-- PROMPT --
Your copy must hold every line of the records word for word. It must hold no pictures.

(Entries taken from a collection)
==*==

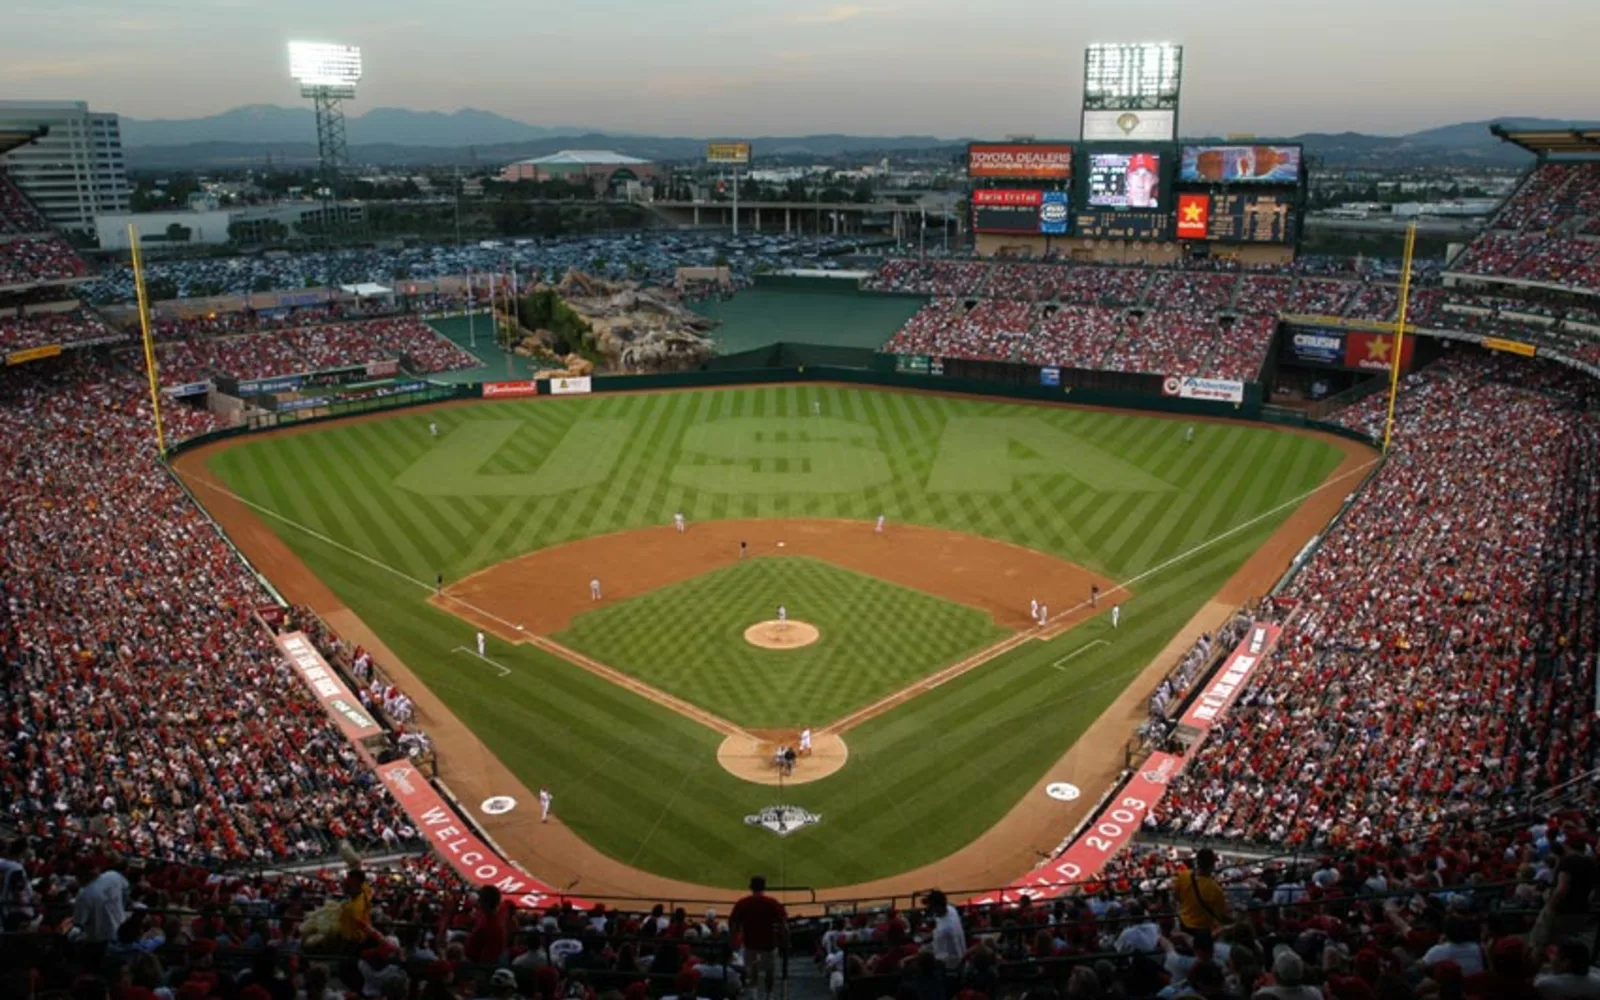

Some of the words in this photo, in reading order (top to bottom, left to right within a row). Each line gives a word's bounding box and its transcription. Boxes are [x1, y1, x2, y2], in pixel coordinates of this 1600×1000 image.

[970, 152, 1013, 162] TOYOTA
[1016, 152, 1072, 163] DEALERS
[1085, 797, 1146, 852] 2003
[420, 805, 549, 907] WELCOME
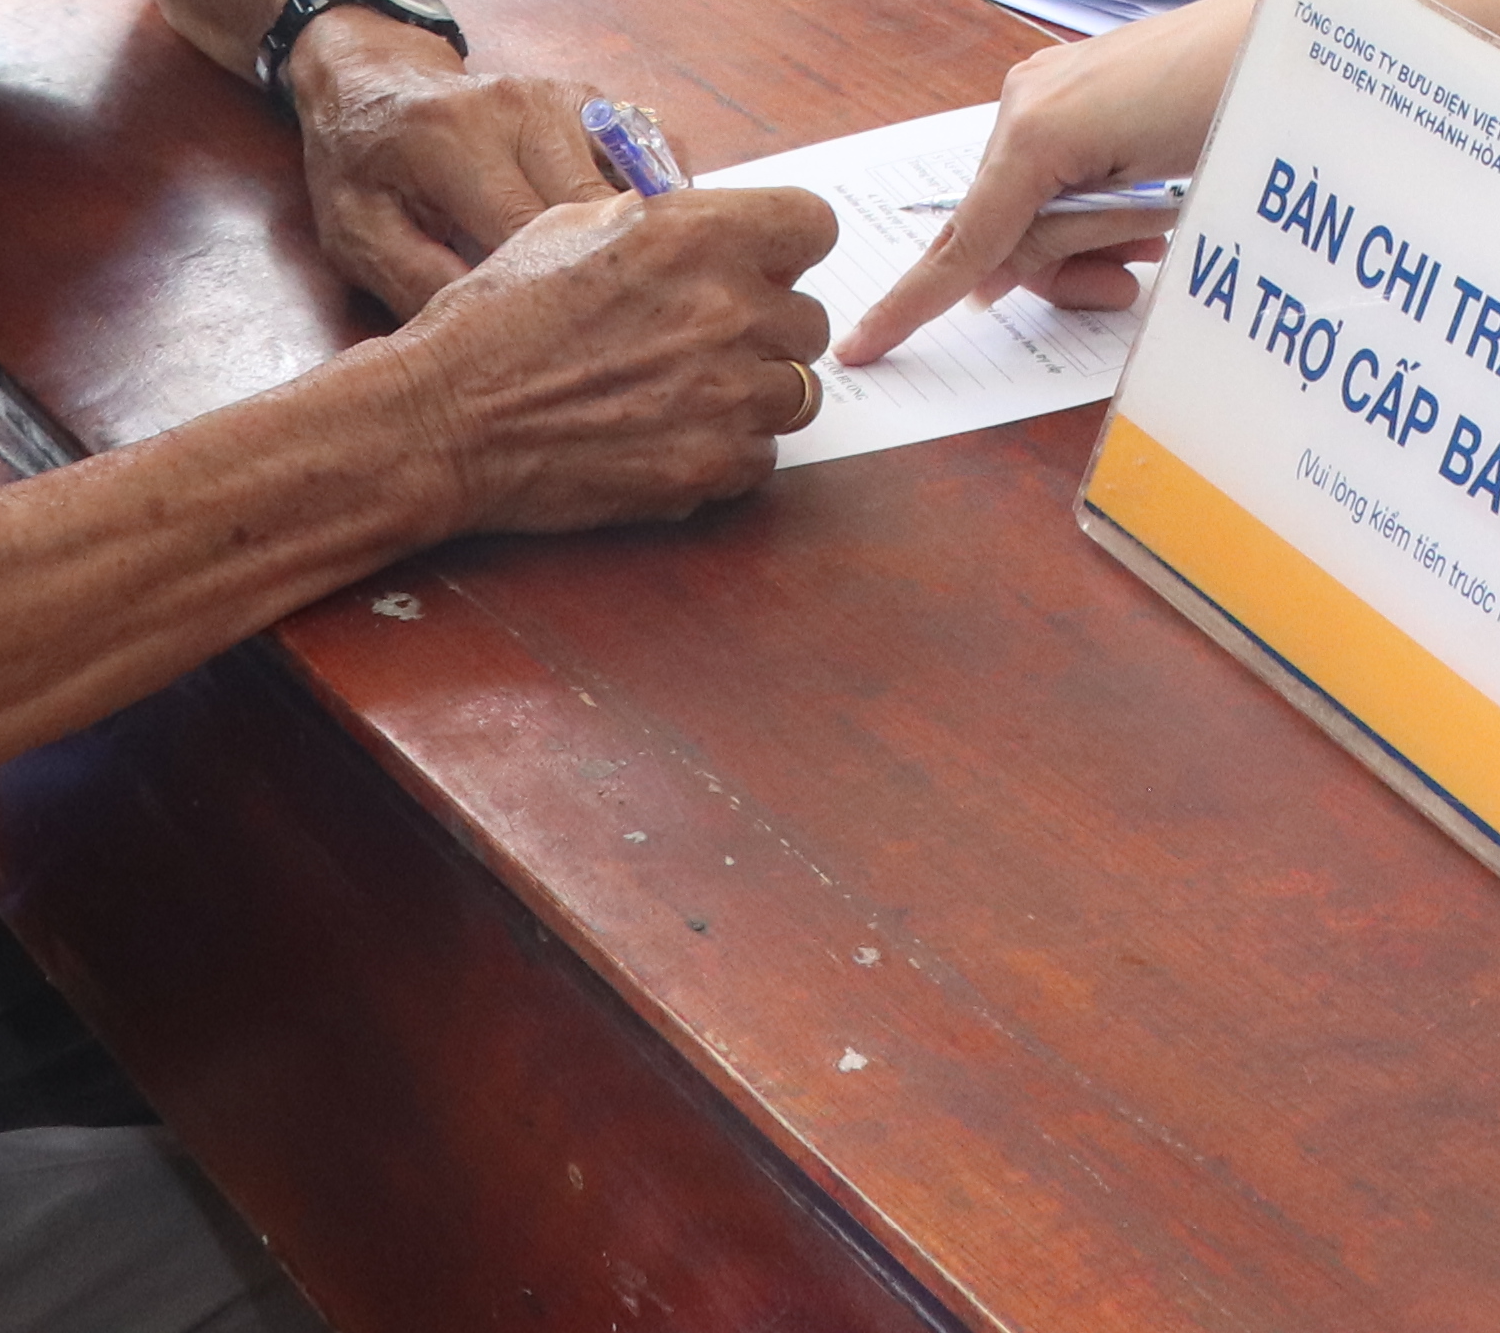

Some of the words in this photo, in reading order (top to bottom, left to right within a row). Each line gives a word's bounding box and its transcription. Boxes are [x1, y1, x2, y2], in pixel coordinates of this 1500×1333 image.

[1294, 0, 1331, 35] TỔNG
[1333, 25, 1375, 62] CÔNG
[1378, 50, 1398, 74] TY
[1396, 63, 1432, 96] BƯU
[1432, 84, 1470, 119] ĐIỆN
[1309, 40, 1342, 72] BƯU
[1342, 61, 1378, 95] ĐIỆN
[1379, 82, 1413, 117] TỈNH
[1413, 105, 1469, 151] KHÁNH
[1257, 158, 1353, 263] BÀN
[1355, 225, 1440, 321] CHI
[1188, 233, 1240, 321] VÀ
[1249, 276, 1342, 390] TRỢ
[1341, 348, 1438, 446] CẤP
[1296, 448, 1331, 489] (Vui
[1329, 471, 1367, 523] lòng
[1368, 499, 1410, 550] kiểm
[1413, 533, 1446, 577] tiền
[1448, 560, 1495, 613] trước

==*==

-- TASK SOLUTION --
Some of the words in this photo, in reading order (top to bottom, left to right within a row). Each line gives a word's bounding box and its transcription. Boxes are [x1, y1, x2, y2], in pixel coordinates of this 1600×1000 image.

[970, 152, 1013, 162] TOYOTA
[1016, 152, 1072, 163] DEALERS
[1085, 797, 1146, 852] 2003
[420, 805, 549, 907] WELCOME

Some of the words in this photo, in reading order (top to bottom, left to right within a row). Each line gives a word's bounding box and its transcription. Boxes are [x1, y1, x2, y2], in pixel coordinates of this 1500×1333 image.

[1294, 0, 1331, 35] TỔNG
[1333, 25, 1375, 62] CÔNG
[1378, 50, 1398, 74] TY
[1396, 63, 1432, 96] BƯU
[1432, 84, 1470, 119] ĐIỆN
[1309, 40, 1342, 72] BƯU
[1342, 61, 1378, 95] ĐIỆN
[1379, 82, 1413, 117] TỈNH
[1413, 105, 1469, 151] KHÁNH
[1257, 158, 1353, 263] BÀN
[1355, 225, 1440, 321] CHI
[1188, 233, 1240, 321] VÀ
[1249, 276, 1342, 390] TRỢ
[1341, 348, 1438, 446] CẤP
[1296, 448, 1331, 489] (Vui
[1329, 471, 1367, 523] lòng
[1368, 499, 1410, 550] kiểm
[1413, 533, 1446, 577] tiền
[1448, 560, 1495, 613] trước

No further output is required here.